Tienen un desarrollo normal hasta que cumplen los veinticinco y, a partir de
ese momento, se pone en funcionamiento una especie de temporizador interno que
se detendrá fatalmente a los 365 días, momento en el que, si no han conseguido
sumar tiempo extra a su contador vital, perecerán de forma inevitable. Para
conseguir un efecto más dramático, en la piel del antebrazo derecho de los
personajes aparecen tatuados unos dígitos que se vuelven fluorescentes en el
momento de iniciarse la cuenta atrás y que les van informando del tiempo
restante que les queda de vida.
La
única contrapartida positiva es que, si consiguen sobrevivir a ese año de
prórroga vital, no envejecerán y su aspecto físico seguirá siendo el mismo por
mucho tiempo que lleguen a acumular en la cuenta de sus años de vida. Es decir
que, en la película, los seres humanos parece que hubieran firmado un pacto
chungo con el diablo, al estilo de Dorian Gray, pero sin tener la prudencia de haber
leído la letra pequeña. De forma que nadie guarda un retrato en su trastero que
refleje su verdadera edad pero, a cambio, tiene grabada en la piel una cuenta
atrás que le apremia a ganar tiempo al precio que sea para poder sobrevivir.
Y
se puede ganar tiempo de varias maneras. La más usual es hacerlo trabajando,
aunque los empleos son precarios y están mal retribuidos, de forma que el
salario, que se paga en tiempo, solo da para ir tirando. También se puede
recurrir al juego, aunque a riesgo de que un revés de la fortuna deje tu
contador a cero.

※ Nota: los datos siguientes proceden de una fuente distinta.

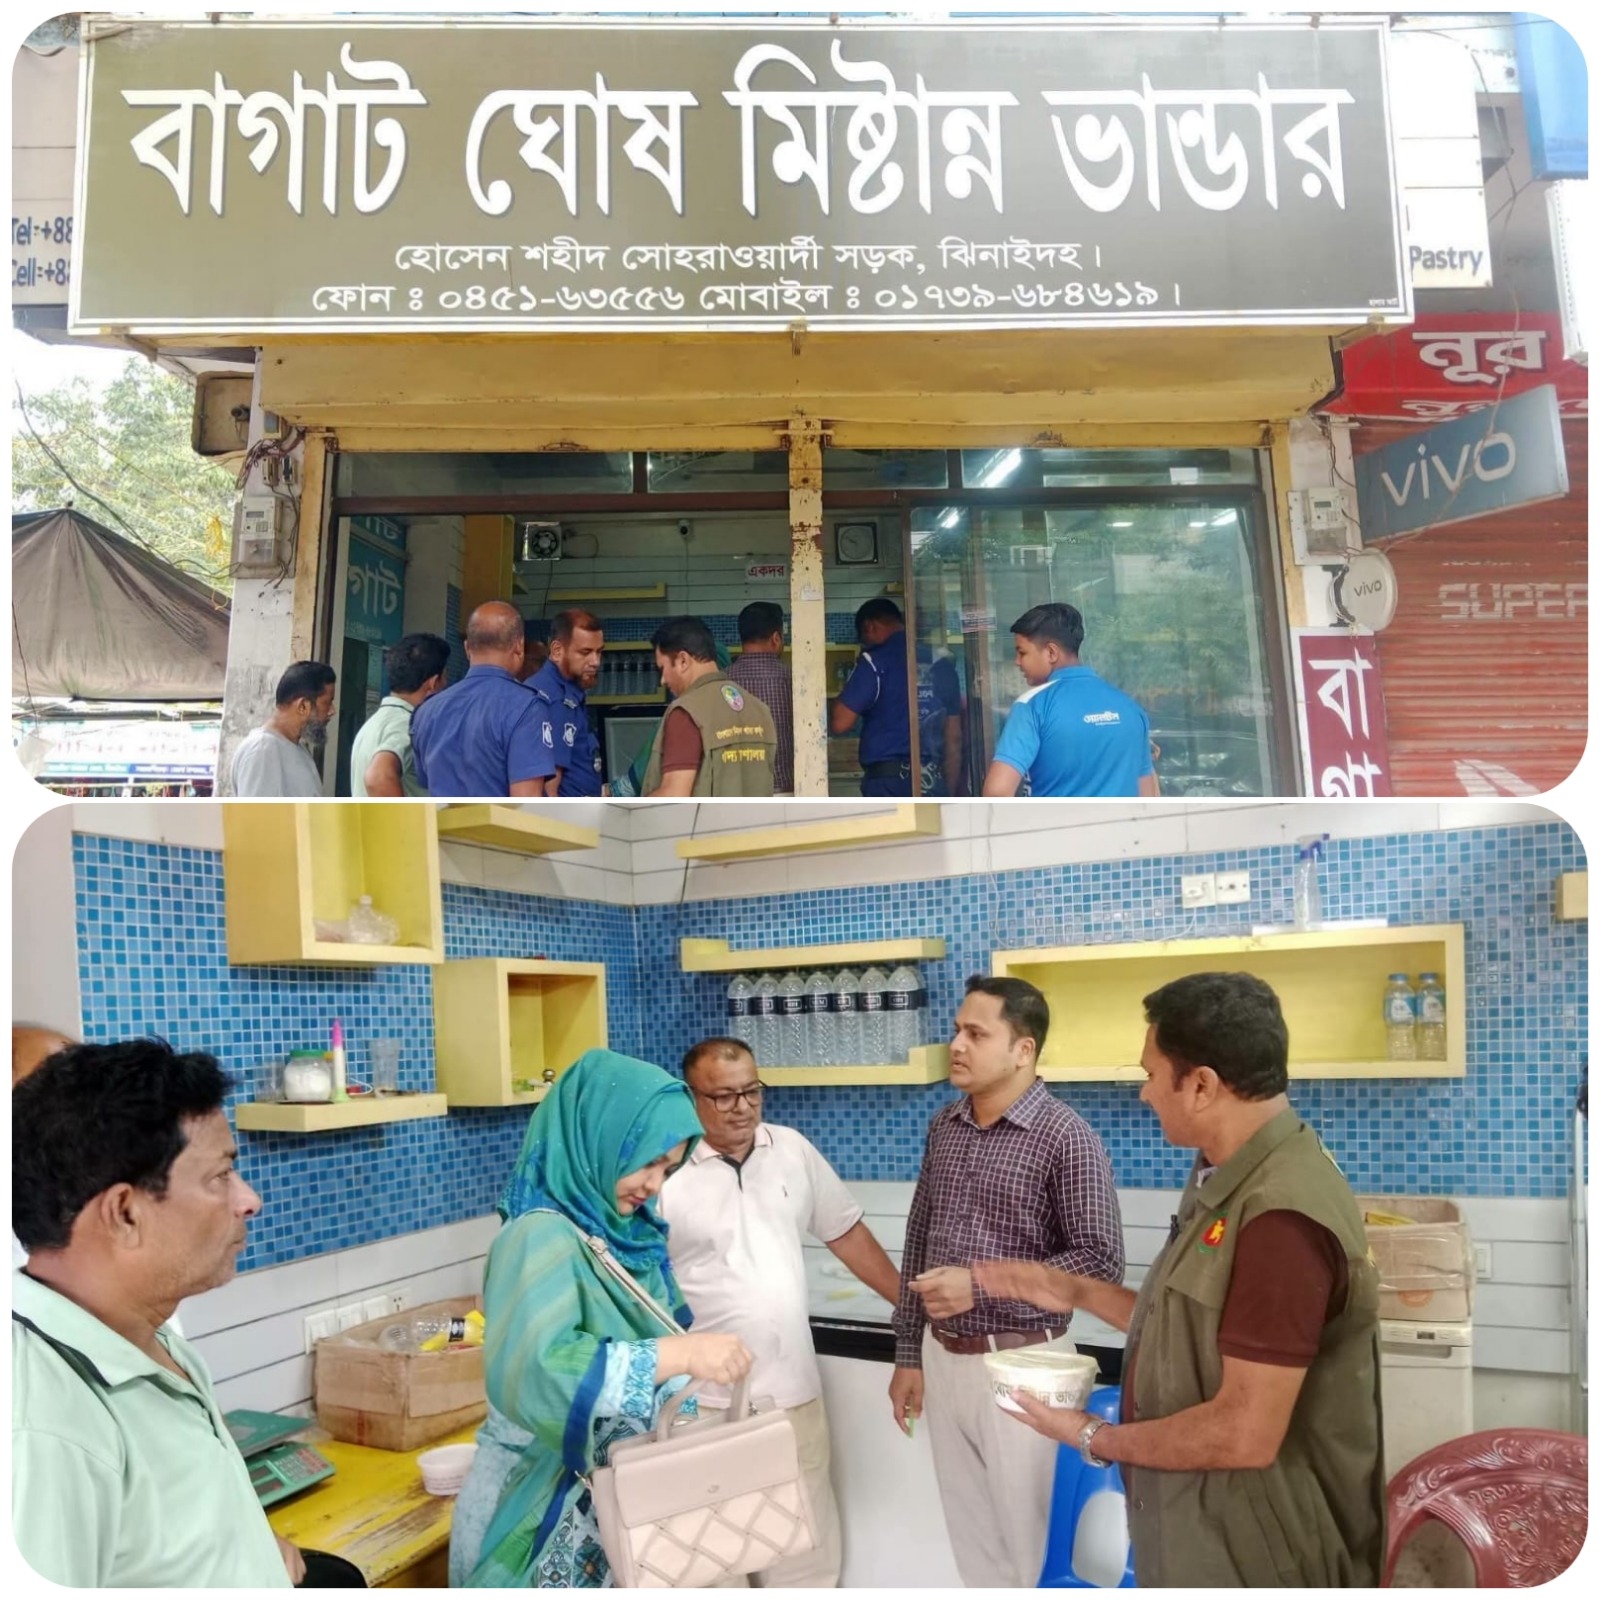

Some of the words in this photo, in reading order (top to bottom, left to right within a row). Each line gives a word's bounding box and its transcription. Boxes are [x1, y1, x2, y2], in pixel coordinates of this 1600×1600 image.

[121, 42, 427, 215] বাগাট
[465, 72, 699, 216] ঘোষ
[722, 38, 1019, 216] মিষ্টান্ন
[1041, 71, 1356, 213] ভান্ডার
[395, 242, 512, 273] হোসেন
[520, 235, 610, 273] শহীদ
[622, 235, 824, 273] সোহরাওয়ার্দী
[831, 243, 927, 275] সড়ক,
[936, 236, 1083, 271] ঝিনাইদহ
[1409, 245, 1483, 276] Pastry
[12, 257, 71, 286] ell:+8
[312, 283, 397, 312] ফোন
[438, 286, 685, 311] ০৪৫১-৬৩৫৫৬
[699, 281, 834, 312] মোবাইল
[874, 282, 1160, 308] ০১৭৩৯-৬৮৪৬১৯
[1412, 330, 1547, 385] নূর
[1381, 431, 1517, 507] vivo
[747, 565, 785, 579] একদর
[1354, 579, 1384, 599] vivo

Por supuesto, hay delincuentes que roban el tiempo a los demás
y, por último, existe la posibilidad de acudir a la beneficencia, aunque esta
carece de los recursos necesarios para atender la demanda de los más
desfavorecidos.
Pero
el verdadero problema es que todo el tiempo que se gana o se obtiene por el
medio que sea, debe emplearse para pagar cualquier servicio, ya sean las
facturas de la luz o del gas, la cuenta de un restaurante, el billete del
autobús o la máquina del café. No hay otra forma de pagar porque el dinero no
existe y todas las transacciones se realizan en tiempo. Así que todo el mundo
debe llevar sus cuentas con mucho cuidado para evitar morirse por causa de no
poder afrontar sus deudas y no es extraño encontrarse por la mañana en mitad de
la calle cuerpos sin vida derrumbados sobre el pavimento con la apariencia de
jóvenes en la plenitud de la vida.
El
protagonista, que vive en una especie de gueto y trabaja en una fábrica a
cambio de un sueldo miserable, después de un encuentro casual con alguien que
acumulaba en su muñeca un saldo de más de un siglo de vida, pierde a su madre,
una joven de aspecto radiante, de forma dramática como consecuencia de la
subida inesperada del precio del autobús que la llevaba de vuelta a casa desde
su trabajo, y decide viajar fuera de su distrito, en busca de la gente que,
cómo el hombre que la noche anterior se había cruzado en su camino, parece
vivir despreocupada por el vencimiento de los pagos que tiene pendientes de
afrontar.
Para
ello, tendrá que hacer frente a las tarifas de sucesivos peajes lejos del
alcance de cualquiera de los habitantes del gueto, y una vez haya accedido al
distrito de las clases privilegiadas descubrirá que su forma apresurada de
conducirse delata su extracción social porque allí nadie tiene le necesidad de
ir corriendo a ninguna parte y, al cabo del tiempo, y después de convertirse en
un ladrón de bancos de tiempo y dedicarse a repartirlo entre los más humildes, terminará
dándose cuenta de que su gesto altruista no sirve para nada porque los precios
suben en función del tiempo del que la gente puede disponer en cada momento, de
forma que los desesperados están condenados a vivir angustiados el resto de su
existencia.
La
película, a pesar de algunas concesiones al romance entre chico de barrio y
joven de clase alta, me parece interesante en su planteamiento por proponer
algunas analogías con la sociedad actual, en la que, aunque percibamos nuestras
gratificaciones en dinero y paguemos las facturas con esa misma moneda, en
realidad lo que ponemos a disposición de quien nos contrata es, básicamente,
nuestro precioso y limitado tiempo, salvo que una extracción social
privilegiada nos permita disponer de todo el tiempo del mundo sin tener que trabajar.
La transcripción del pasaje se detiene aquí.